DATA EXCERPTS Start Marker

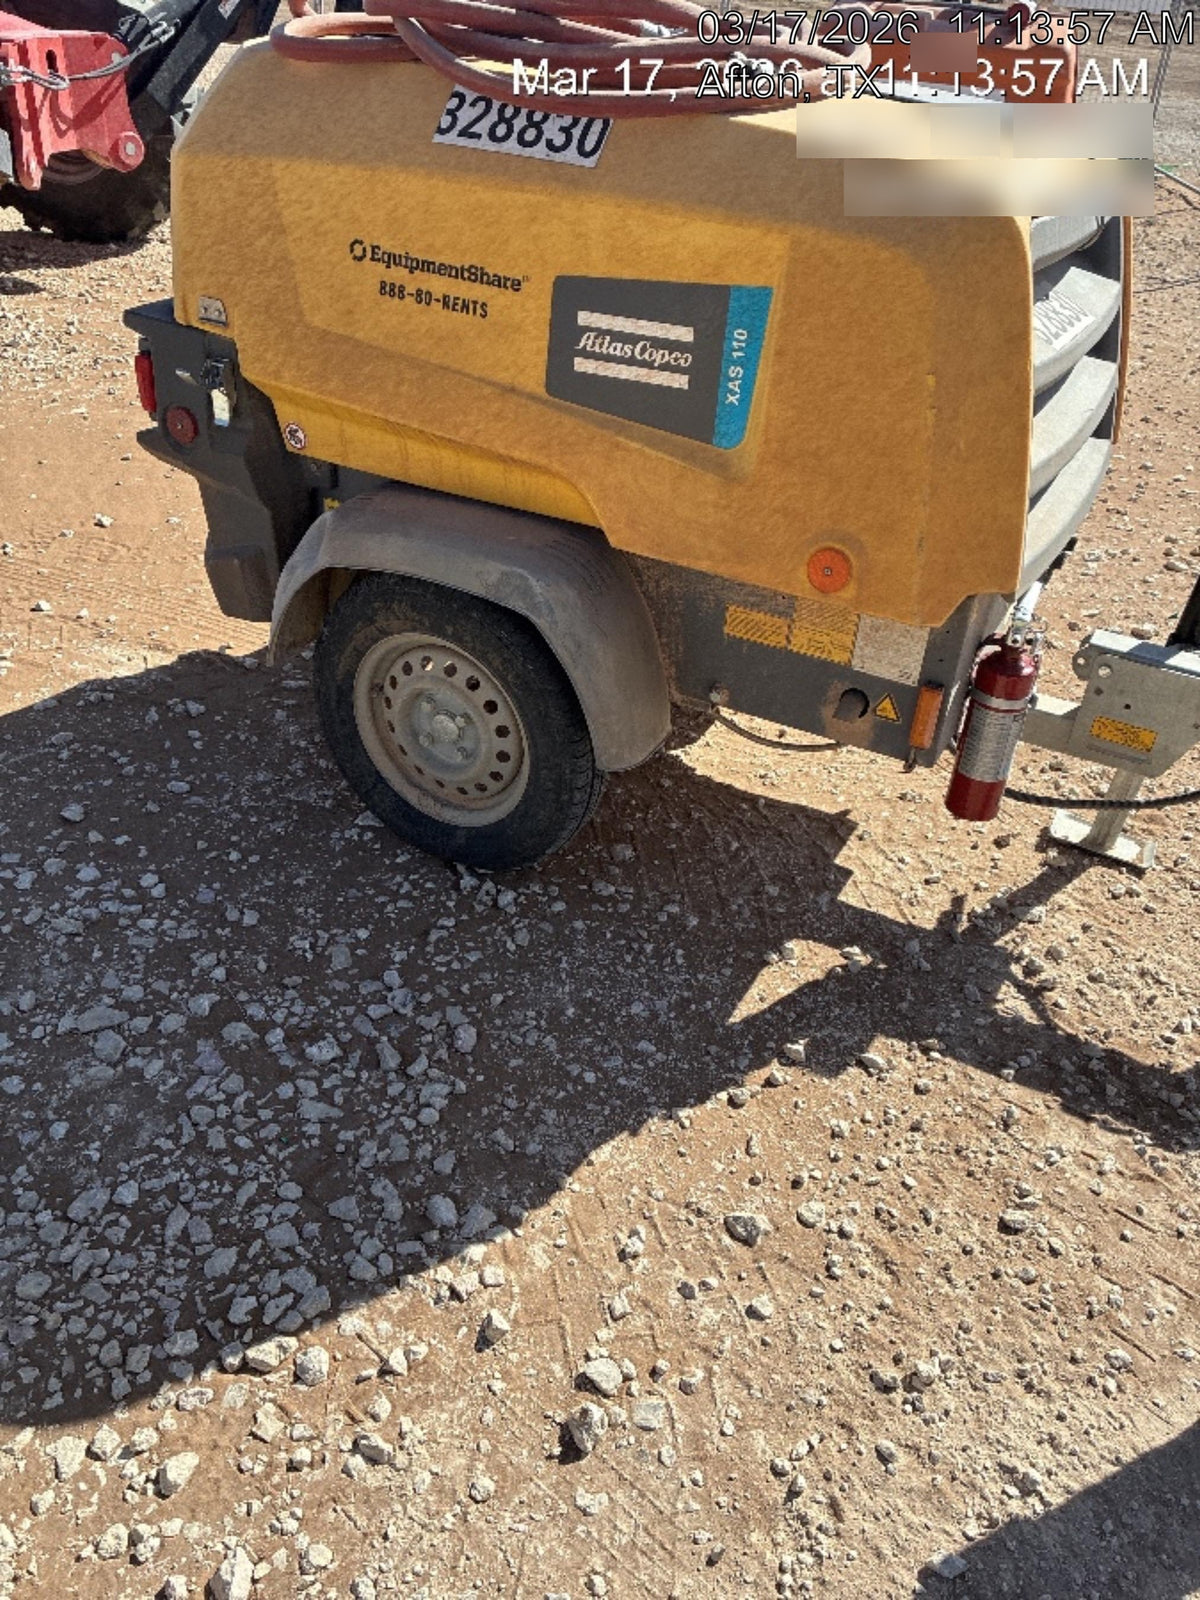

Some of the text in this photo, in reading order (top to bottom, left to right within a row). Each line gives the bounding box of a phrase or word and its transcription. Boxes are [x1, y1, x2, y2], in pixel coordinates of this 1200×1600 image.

[436, 91, 610, 158] 328830
[369, 244, 523, 292] EquipmentShare
[379, 280, 488, 319] 888-80-RENTS
[574, 331, 693, 368] Atlas Copco
[725, 328, 748, 406] XAS 110

DATA EXCERPTS End Marker

ASSIGNMENT: When you output the entries, keep each line exactly as it is and leave out any pictures.

PROBLEM SOLUTION:
Some of the text in this photo, in reading order (top to bottom, left to right within a row). Each line gives the bounding box of a phrase or word and its transcription. Boxes are [x1, y1, x2, y2], in pixel coordinates of this 1200×1600 image.

[436, 91, 610, 158] 328830
[369, 244, 523, 292] EquipmentShare
[379, 280, 488, 319] 888-80-RENTS
[574, 331, 693, 368] Atlas Copco
[725, 328, 748, 406] XAS 110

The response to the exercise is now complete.